Push it some more. We go to casinos to tell the everyday world that we will not submit. There are rules and codes and institutions, yes, but for a few hours in this temple of pure chaos, of random cards and inscrutable dice, we are in control of our fates. My little gambles were a way of pretending that no one was the boss of me. I hadn't had time for driving lessons before our trip because I'd been too busy cramming a semester of work into exam period. It had been touch-and-go whether I'd graduate, as I'd barely shown up for my final semester's religion course. The last thing I'd wanted to hear about was some sucker notion of the Divine. There's a man in the sky who watches over everything you do, as all-seeing as the thousands of security cameras embedded in casino ceilings. So what? Nothing escapes his attention, and nothing will move him to intervene.

After a few phone calls, the administration released me into the world with a D minus. What was it to them? My passive-aggressive rebellion against the system was meaningless. The House doesn't care if you piss away your chances, are draining the college fund, letting the plumber's bill slide until next month. Ruin yourself. The cameras above record it all, but you're just another sap passing in the night.

The nickels poured into the basin, sweet music. If it worked once, it will work again.

We hit the street.

Before we left town, we bought dozens of tiny plastic slot machines from a trinket shop. Pink, red, lime green. They joined the Museum of Where We'd Been. Everybody's a walking Museum of Where They've Been, but we decided to make it literal. We had serious epoxy. Each place we stopped, we picked up souvenirs and glued them to the Tercel. Two Sears Towers sticking up over the engine, a row of small turquoise stones just above the windshield, toy buffalo stampeding across the great brown plain of the hood. Bull's horns from Arizona, in case we needed to gore someone at ramming speed, you never know, and four refrigerator magnets with Elvis's face on the front grille, to repel ghosts. We dotted the hood with glue and stuck the slot machines on, the polyethylene totems marking us as goofball heathens.

Weeks later, we were in Berkeley, sleeping on a friend's floor. The friend was cat-sitting for a drug dealer, weed mostly. I didn't approve of the drug dealer's lifestyle choices—for vacation, he went camping. We wrote up our time in the land of Circus Circus and the El Cortez, the cheap steaks and watered-down drinks. Let's Go's previous correspondent had been a prissy little shit, filling his/her copy with snobby asides. (“But what do you
do
there?”) He/she wrote:

 

Forget Hollywood images of Las Vegas glamor, the city at base is nothing but a desert Disneyland.
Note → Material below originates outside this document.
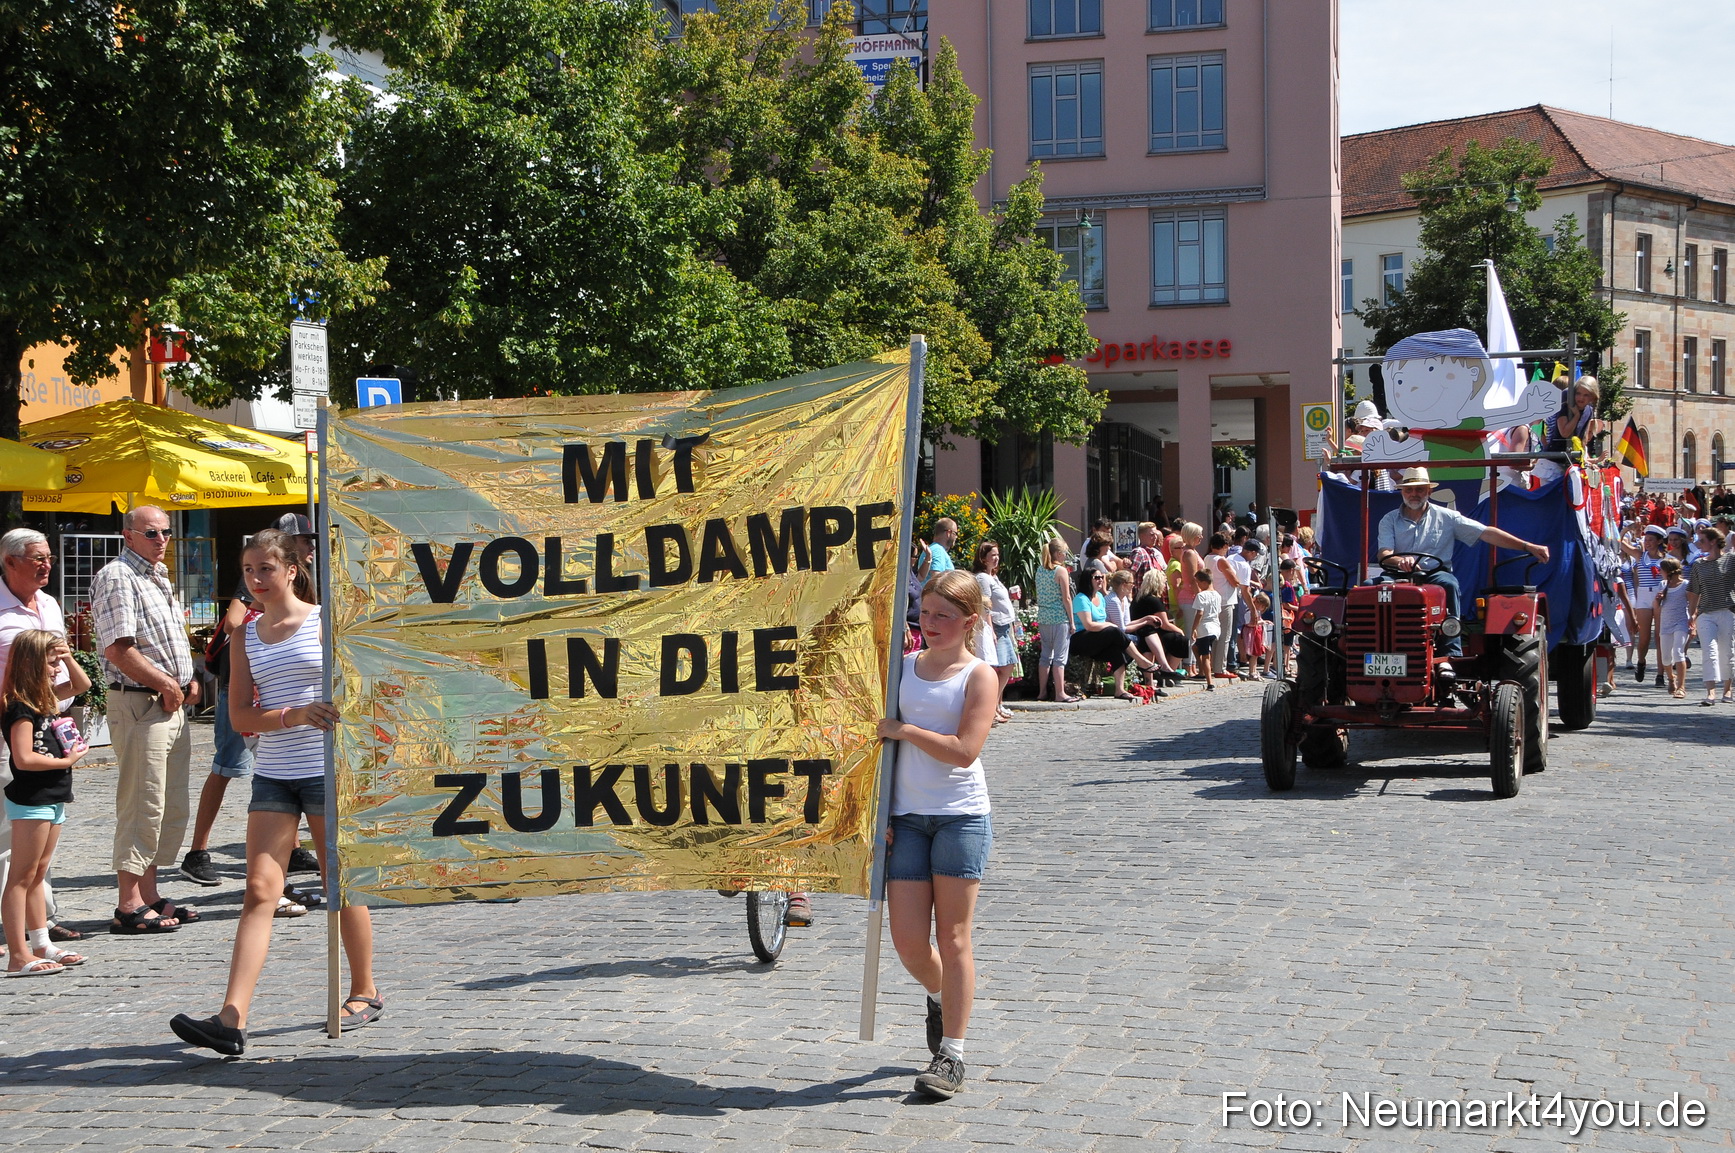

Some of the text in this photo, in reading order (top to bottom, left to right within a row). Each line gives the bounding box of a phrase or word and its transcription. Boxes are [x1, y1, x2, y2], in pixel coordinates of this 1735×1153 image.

As a small, small world of mild, middle-aged debauchery, Vegas simply replaces Mickey and Minnie with overbright neon marquees, monolithic hotel/casinos, besequinned Ziegfieldesque [
sic
] entertainers, quickly marrying them in rococo wedding chapels.

 

Percy, where are my smelling salts?

And what's wrong with Disneyland? It brings joy to millions of people and tutors children about the corporate, overbranded world they've been born into. “It's a Small World” is a delightful ditty, an ode to that quality of everyday existence by which the soul is crushed, diminished,
made entirely small.
No need to denigrate it. Better to worry about the lack of a clear antecedent for “them” in that last sentence. I would protect Vegas. How about:

 

The magic formula of this oasis of mild, middle-aged debauchery—offer everything but the gambling cheaply, and if you gild it, they will come —was hit upon by Bugsy Siegel in the 1940s. Das Kapital is worshipped here, and sacrifices from all major credit cards are happily accepted.